> _Task details_
Your copy should match the records exactly, except that it contains no pictures.

──────

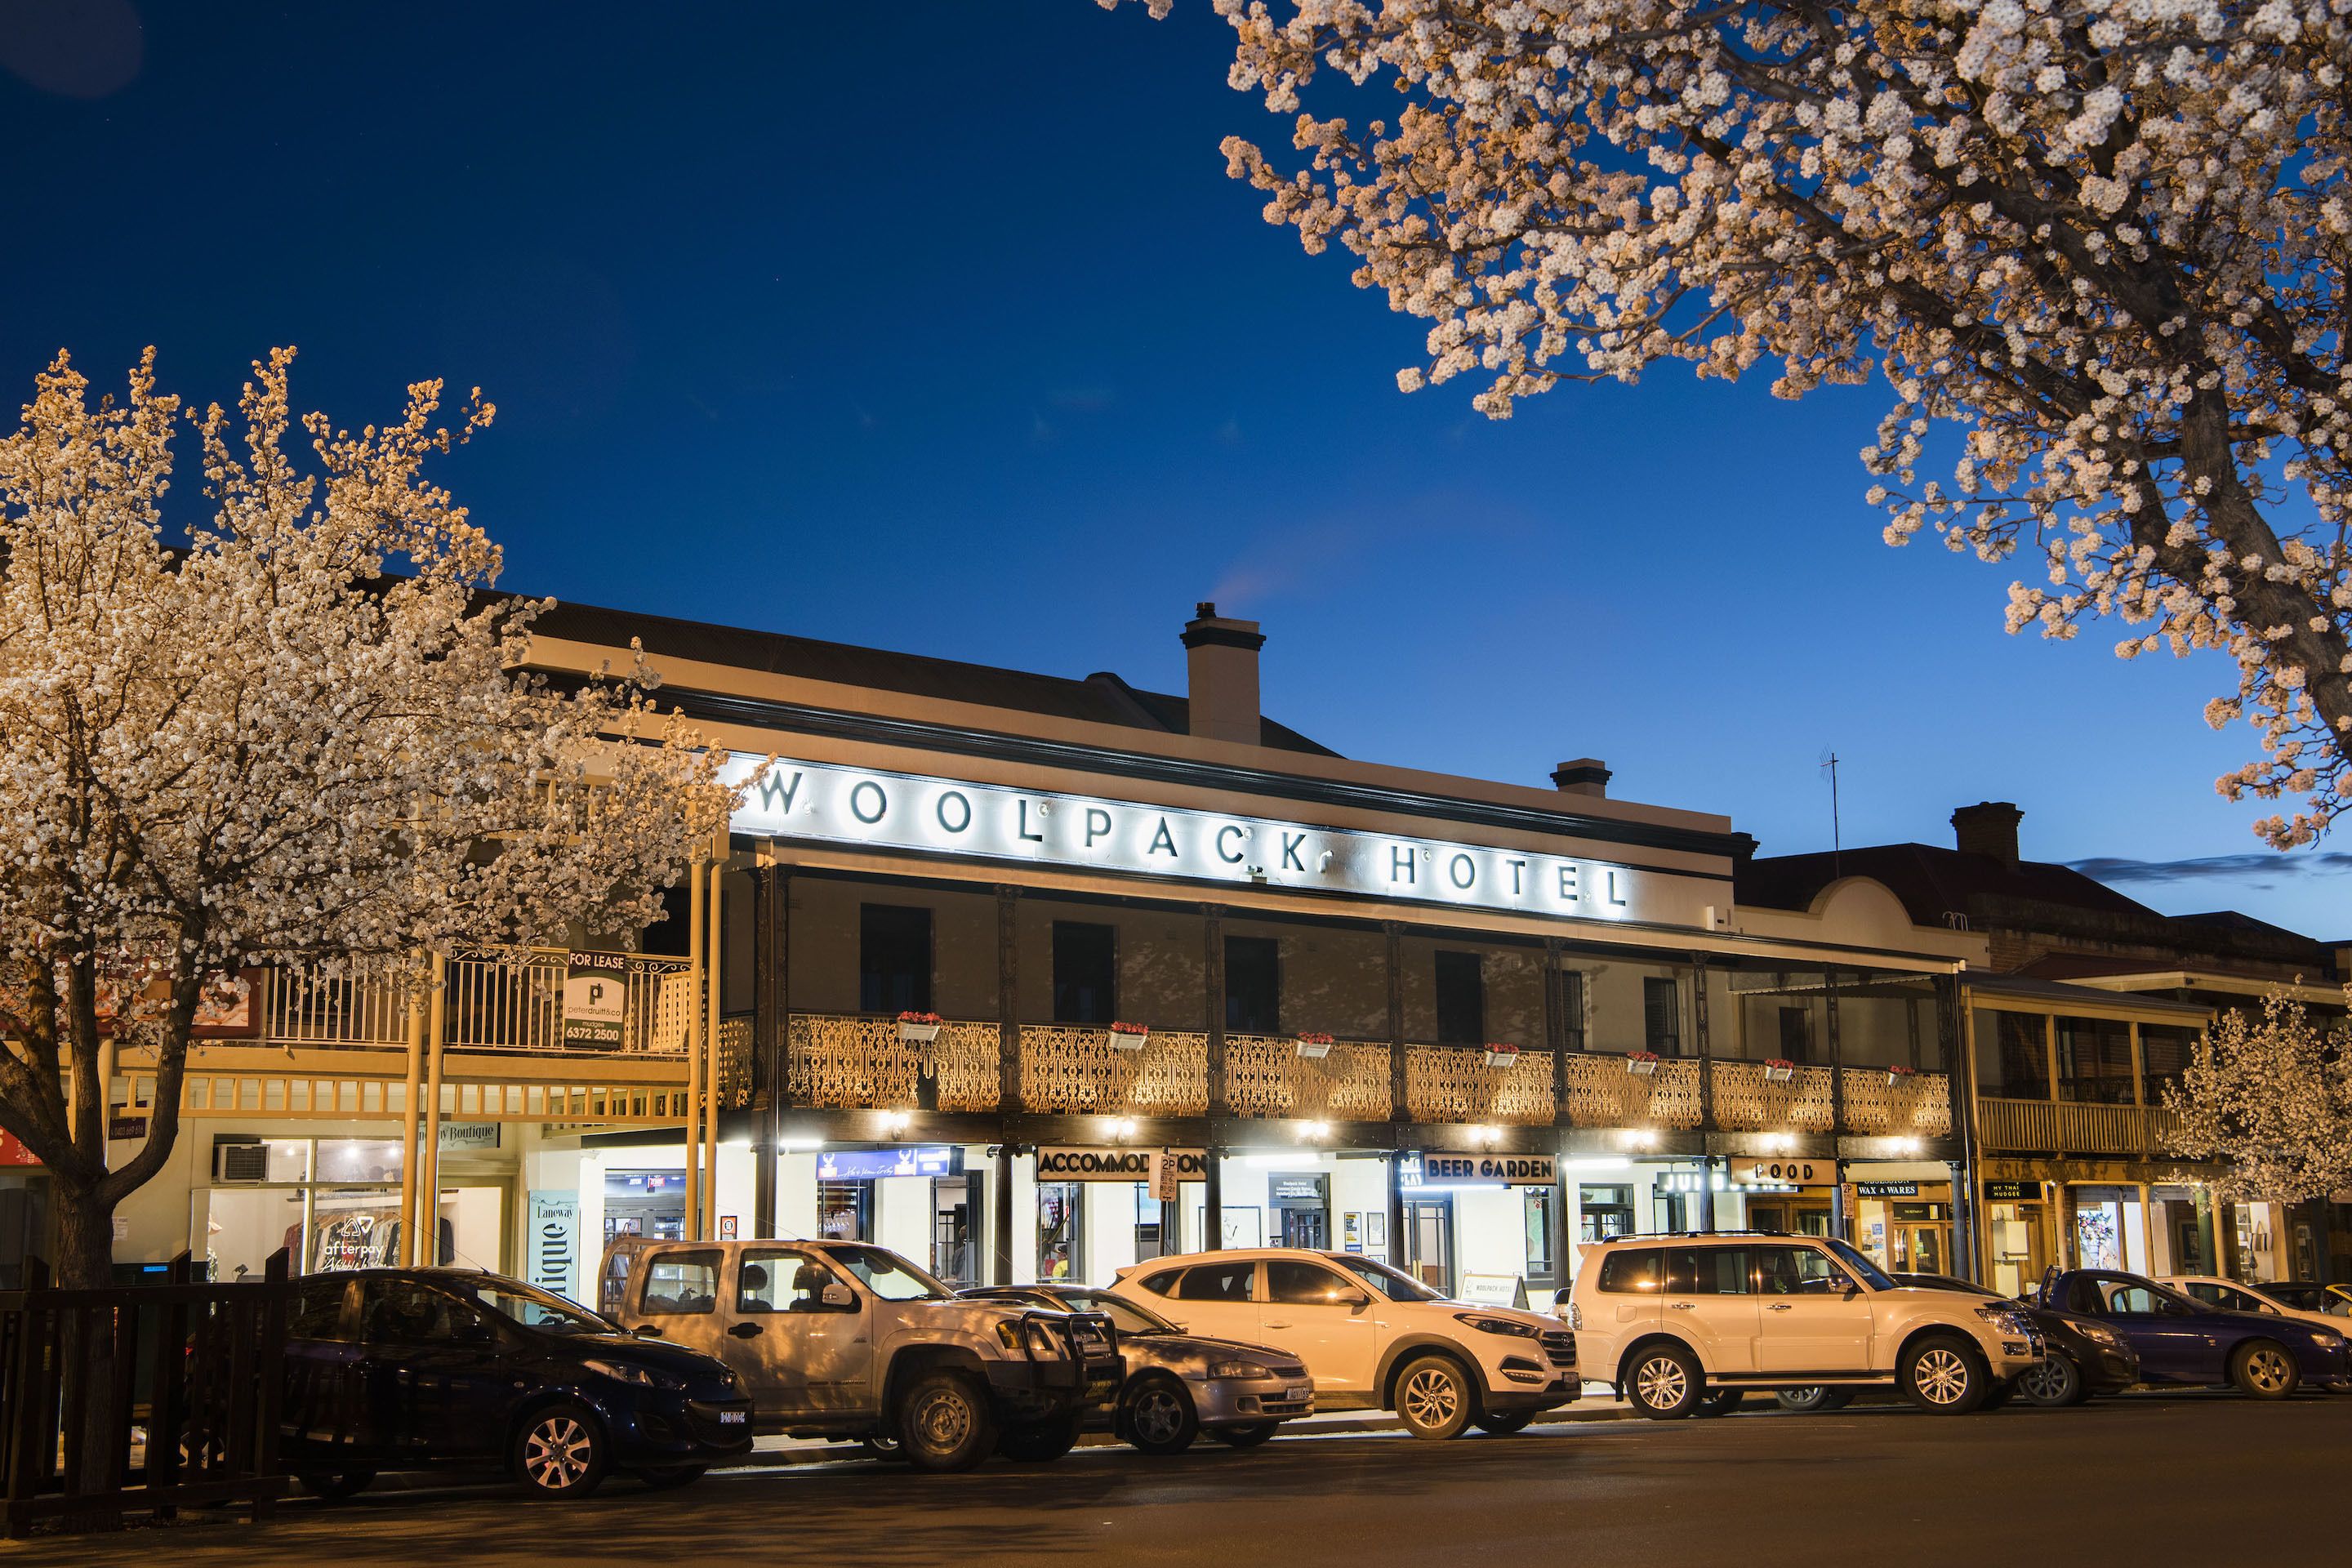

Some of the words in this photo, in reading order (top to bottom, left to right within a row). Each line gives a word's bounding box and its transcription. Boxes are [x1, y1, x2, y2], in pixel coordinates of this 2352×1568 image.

[759, 770, 1307, 872] WOOLPACK
[1391, 846, 1626, 906] HOTEL
[570, 953, 590, 966] FOR
[594, 955, 624, 969] LEASE
[567, 1027, 591, 1039] 6372
[595, 1029, 619, 1041] 2500
[450, 1125, 493, 1141] Boutique
[1039, 1152, 1207, 1173] ACCOMMODION
[1162, 1159, 1174, 1169] 2P
[1429, 1160, 1473, 1177] BEER
[1481, 1160, 1552, 1178] GARDEN
[1756, 1163, 1813, 1179] FOOD
[1842, 1184, 1851, 1193] 2P
[1859, 1187, 1877, 1195] WAX
[1887, 1186, 1915, 1194] WARES
[537, 1206, 573, 1219] Laneway
[324, 1241, 383, 1258] afterpay
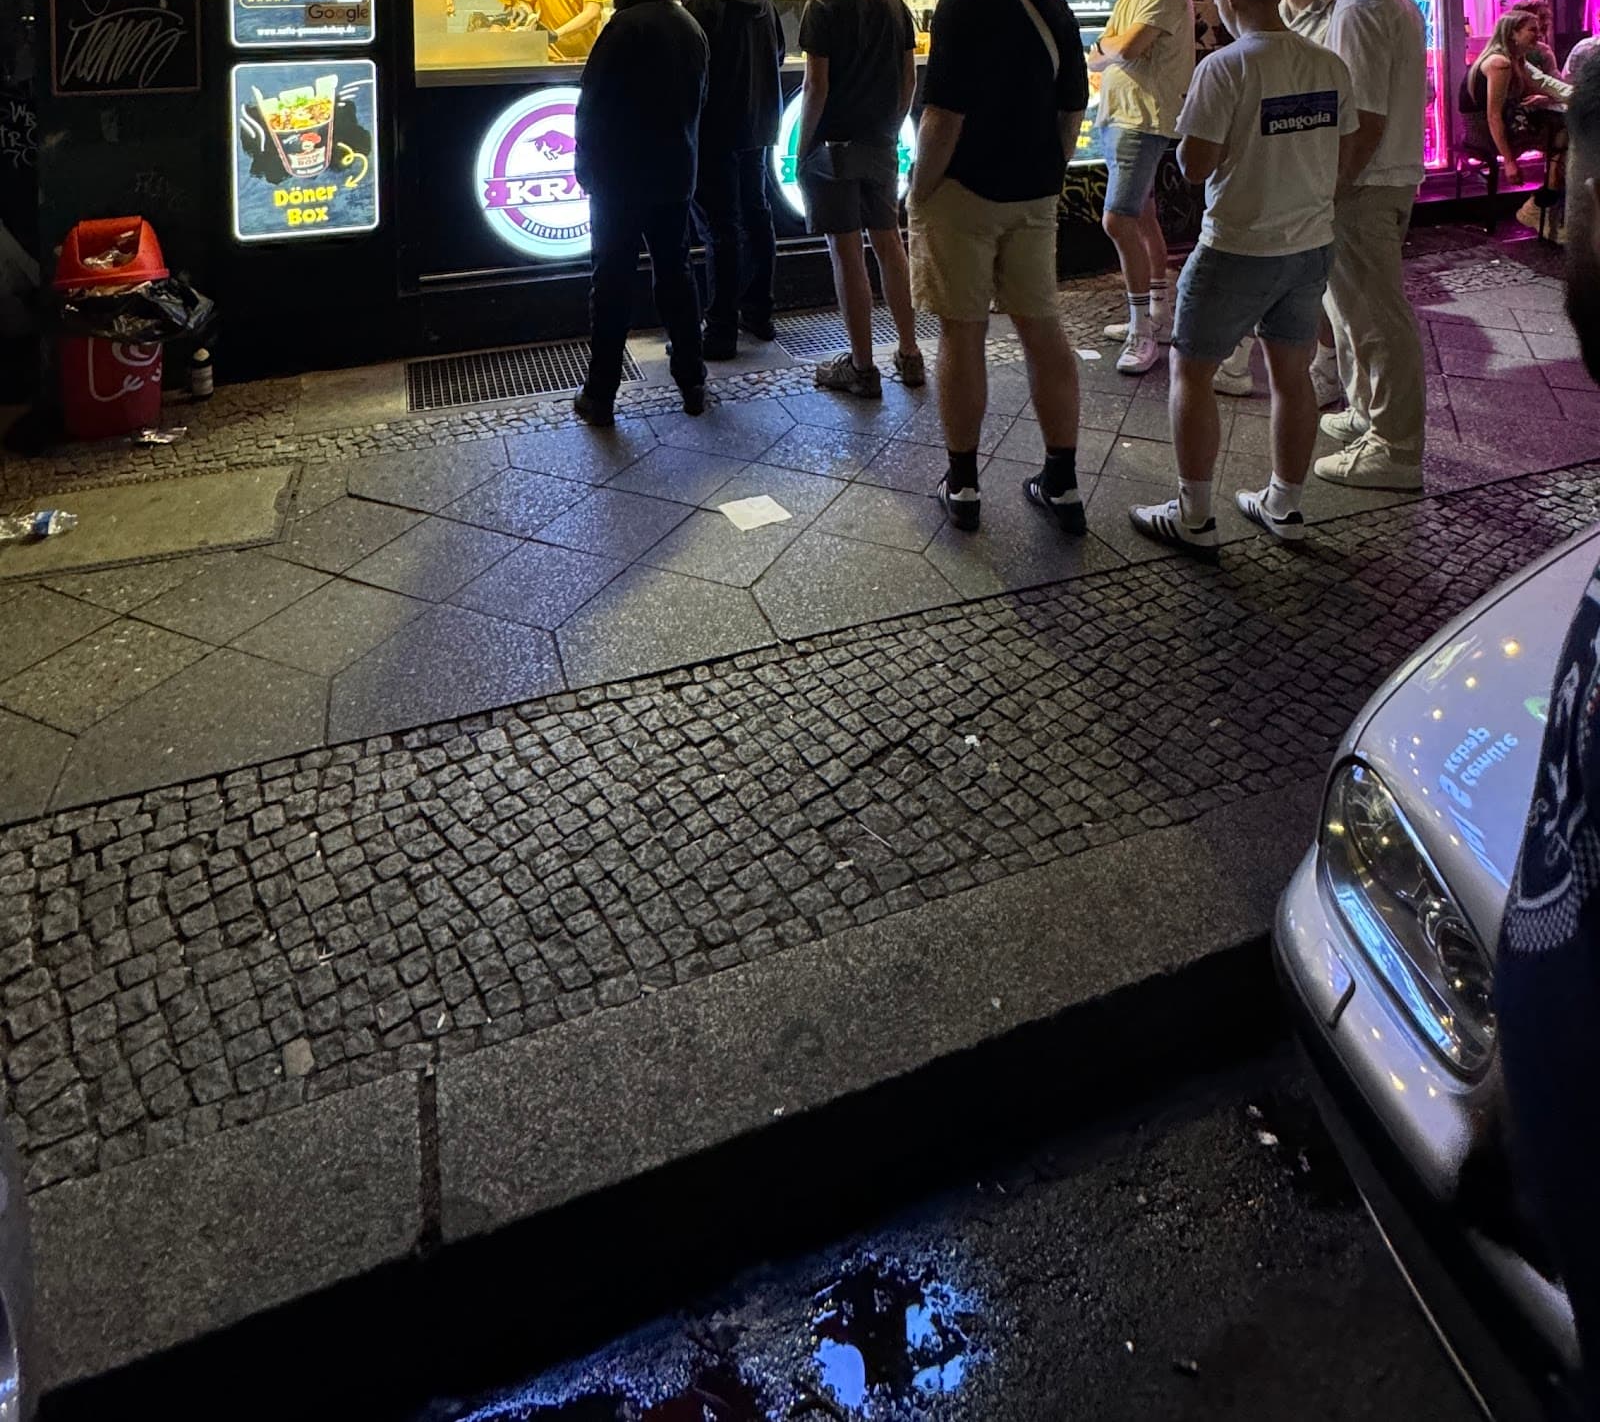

──────

> _Your solution_
Some of the words in this photo, in reading order (top to bottom, left to right within a row). Each line gives a word's bounding box and its transcription. Boxes are [x1, y1, x2, y2], in pixel coordinates of this 2352×1568 image.

[759, 770, 1307, 872] WOOLPACK
[1391, 846, 1626, 906] HOTEL
[570, 953, 590, 966] FOR
[594, 955, 624, 969] LEASE
[567, 1027, 591, 1039] 6372
[595, 1029, 619, 1041] 2500
[450, 1125, 493, 1141] Boutique
[1039, 1152, 1207, 1173] ACCOMMODION
[1162, 1159, 1174, 1169] 2P
[1429, 1160, 1473, 1177] BEER
[1481, 1160, 1552, 1178] GARDEN
[1756, 1163, 1813, 1179] FOOD
[1842, 1184, 1851, 1193] 2P
[1859, 1187, 1877, 1195] WAX
[1887, 1186, 1915, 1194] WARES
[537, 1206, 573, 1219] Laneway
[324, 1241, 383, 1258] afterpay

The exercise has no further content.